Provided records
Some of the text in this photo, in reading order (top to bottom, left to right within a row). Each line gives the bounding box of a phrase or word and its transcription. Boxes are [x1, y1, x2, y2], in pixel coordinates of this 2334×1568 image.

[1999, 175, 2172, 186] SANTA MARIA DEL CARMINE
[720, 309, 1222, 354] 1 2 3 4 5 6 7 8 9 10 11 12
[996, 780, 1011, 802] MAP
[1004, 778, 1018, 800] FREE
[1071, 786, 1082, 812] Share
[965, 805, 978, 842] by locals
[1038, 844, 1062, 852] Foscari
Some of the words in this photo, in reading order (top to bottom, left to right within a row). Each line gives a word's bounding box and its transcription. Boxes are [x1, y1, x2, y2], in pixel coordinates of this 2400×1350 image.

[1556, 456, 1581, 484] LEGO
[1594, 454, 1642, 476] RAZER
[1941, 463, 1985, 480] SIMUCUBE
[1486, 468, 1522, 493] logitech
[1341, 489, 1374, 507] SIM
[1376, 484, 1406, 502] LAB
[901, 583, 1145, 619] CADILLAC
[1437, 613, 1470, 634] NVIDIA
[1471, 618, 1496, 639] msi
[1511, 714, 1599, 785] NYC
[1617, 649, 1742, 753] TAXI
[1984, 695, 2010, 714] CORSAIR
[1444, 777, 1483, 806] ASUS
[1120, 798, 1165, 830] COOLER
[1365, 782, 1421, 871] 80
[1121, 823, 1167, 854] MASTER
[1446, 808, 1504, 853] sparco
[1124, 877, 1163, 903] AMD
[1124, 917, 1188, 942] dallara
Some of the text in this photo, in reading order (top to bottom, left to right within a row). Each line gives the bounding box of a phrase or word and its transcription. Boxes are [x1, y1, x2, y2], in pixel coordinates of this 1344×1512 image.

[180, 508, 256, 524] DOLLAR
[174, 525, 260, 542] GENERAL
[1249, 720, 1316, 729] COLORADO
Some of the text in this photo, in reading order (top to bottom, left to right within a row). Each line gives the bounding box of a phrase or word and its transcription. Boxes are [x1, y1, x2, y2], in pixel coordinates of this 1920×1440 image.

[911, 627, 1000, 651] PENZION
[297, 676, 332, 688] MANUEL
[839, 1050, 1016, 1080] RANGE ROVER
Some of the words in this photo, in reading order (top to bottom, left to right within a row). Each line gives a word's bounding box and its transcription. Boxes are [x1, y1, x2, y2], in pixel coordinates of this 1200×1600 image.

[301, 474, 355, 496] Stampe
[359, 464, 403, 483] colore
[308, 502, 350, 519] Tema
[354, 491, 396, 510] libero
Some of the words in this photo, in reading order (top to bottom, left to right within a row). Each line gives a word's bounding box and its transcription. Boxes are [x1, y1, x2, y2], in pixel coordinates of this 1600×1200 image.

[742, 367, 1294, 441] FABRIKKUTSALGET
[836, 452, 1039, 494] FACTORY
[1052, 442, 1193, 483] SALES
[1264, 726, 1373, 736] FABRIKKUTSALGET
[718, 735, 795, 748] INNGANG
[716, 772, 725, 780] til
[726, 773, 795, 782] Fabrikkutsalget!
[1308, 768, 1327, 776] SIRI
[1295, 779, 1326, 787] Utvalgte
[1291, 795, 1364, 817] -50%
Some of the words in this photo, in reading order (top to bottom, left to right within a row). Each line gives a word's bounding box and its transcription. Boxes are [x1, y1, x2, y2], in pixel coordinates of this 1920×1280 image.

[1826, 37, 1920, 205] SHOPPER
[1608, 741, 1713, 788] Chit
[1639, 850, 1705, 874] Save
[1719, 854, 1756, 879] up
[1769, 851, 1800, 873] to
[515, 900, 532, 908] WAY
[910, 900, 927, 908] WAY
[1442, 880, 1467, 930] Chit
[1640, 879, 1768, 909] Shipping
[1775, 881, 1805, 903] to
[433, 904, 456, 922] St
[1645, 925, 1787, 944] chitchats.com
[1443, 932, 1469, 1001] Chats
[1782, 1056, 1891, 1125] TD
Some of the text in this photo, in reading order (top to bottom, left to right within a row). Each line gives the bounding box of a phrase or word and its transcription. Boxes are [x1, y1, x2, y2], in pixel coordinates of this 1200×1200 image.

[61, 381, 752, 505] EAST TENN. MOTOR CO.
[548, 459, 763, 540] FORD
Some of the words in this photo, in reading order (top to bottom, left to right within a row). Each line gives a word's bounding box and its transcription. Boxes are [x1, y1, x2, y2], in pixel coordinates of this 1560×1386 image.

Action item
Give every line of the material again, exactly.

Written answer
Some of the text in this photo, in reading order (top to bottom, left to right within a row). Each line gives the bounding box of a phrase or word and its transcription. Boxes are [x1, y1, x2, y2], in pixel coordinates of this 2334×1568 image.

[1999, 175, 2172, 186] SANTA MARIA DEL CARMINE
[720, 309, 1222, 354] 1 2 3 4 5 6 7 8 9 10 11 12
[996, 780, 1011, 802] MAP
[1004, 778, 1018, 800] FREE
[1071, 786, 1082, 812] Share
[965, 805, 978, 842] by locals
[1038, 844, 1062, 852] Foscari
Some of the words in this photo, in reading order (top to bottom, left to right within a row). Each line gives a word's bounding box and its transcription. Boxes are [x1, y1, x2, y2], in pixel coordinates of this 2400×1350 image.

[1556, 456, 1581, 484] LEGO
[1594, 454, 1642, 476] RAZER
[1941, 463, 1985, 480] SIMUCUBE
[1486, 468, 1522, 493] logitech
[1341, 489, 1374, 507] SIM
[1376, 484, 1406, 502] LAB
[901, 583, 1145, 619] CADILLAC
[1437, 613, 1470, 634] NVIDIA
[1471, 618, 1496, 639] msi
[1511, 714, 1599, 785] NYC
[1617, 649, 1742, 753] TAXI
[1984, 695, 2010, 714] CORSAIR
[1444, 777, 1483, 806] ASUS
[1120, 798, 1165, 830] COOLER
[1365, 782, 1421, 871] 80
[1121, 823, 1167, 854] MASTER
[1446, 808, 1504, 853] sparco
[1124, 877, 1163, 903] AMD
[1124, 917, 1188, 942] dallara
Some of the text in this photo, in reading order (top to bottom, left to right within a row). Each line gives the bounding box of a phrase or word and its transcription. Boxes are [x1, y1, x2, y2], in pixel coordinates of this 1344×1512 image.

[180, 508, 256, 524] DOLLAR
[174, 525, 260, 542] GENERAL
[1249, 720, 1316, 729] COLORADO
Some of the text in this photo, in reading order (top to bottom, left to right within a row). Each line gives the bounding box of a phrase or word and its transcription. Boxes are [x1, y1, x2, y2], in pixel coordinates of this 1920×1440 image.

[911, 627, 1000, 651] PENZION
[297, 676, 332, 688] MANUEL
[839, 1050, 1016, 1080] RANGE ROVER
Some of the words in this photo, in reading order (top to bottom, left to right within a row). Each line gives a word's bounding box and its transcription. Boxes are [x1, y1, x2, y2], in pixel coordinates of this 1200×1600 image.

[301, 474, 355, 496] Stampe
[359, 464, 403, 483] colore
[308, 502, 350, 519] Tema
[354, 491, 396, 510] libero
Some of the words in this photo, in reading order (top to bottom, left to right within a row). Each line gives a word's bounding box and its transcription. Boxes are [x1, y1, x2, y2], in pixel coordinates of this 1600×1200 image.

[742, 367, 1294, 441] FABRIKKUTSALGET
[836, 452, 1039, 494] FACTORY
[1052, 442, 1193, 483] SALES
[1264, 726, 1373, 736] FABRIKKUTSALGET
[718, 735, 795, 748] INNGANG
[716, 772, 725, 780] til
[726, 773, 795, 782] Fabrikkutsalget!
[1308, 768, 1327, 776] SIRI
[1295, 779, 1326, 787] Utvalgte
[1291, 795, 1364, 817] -50%
Some of the words in this photo, in reading order (top to bottom, left to right within a row). Each line gives a word's bounding box and its transcription. Boxes are [x1, y1, x2, y2], in pixel coordinates of this 1920×1280 image.

[1826, 37, 1920, 205] SHOPPER
[1608, 741, 1713, 788] Chit
[1639, 850, 1705, 874] Save
[1719, 854, 1756, 879] up
[1769, 851, 1800, 873] to
[515, 900, 532, 908] WAY
[910, 900, 927, 908] WAY
[1442, 880, 1467, 930] Chit
[1640, 879, 1768, 909] Shipping
[1775, 881, 1805, 903] to
[433, 904, 456, 922] St
[1645, 925, 1787, 944] chitchats.com
[1443, 932, 1469, 1001] Chats
[1782, 1056, 1891, 1125] TD
Some of the text in this photo, in reading order (top to bottom, left to right within a row). Each line gives the bounding box of a phrase or word and its transcription. Boxes are [x1, y1, x2, y2], in pixel coordinates of this 1200×1200 image.

[61, 381, 752, 505] EAST TENN. MOTOR CO.
[548, 459, 763, 540] FORD
Some of the words in this photo, in reading order (top to bottom, left to right within a row). Each line gives a word's bounding box and its transcription. Boxes are [x1, y1, x2, y2], in pixel coordinates of this 1560×1386 image.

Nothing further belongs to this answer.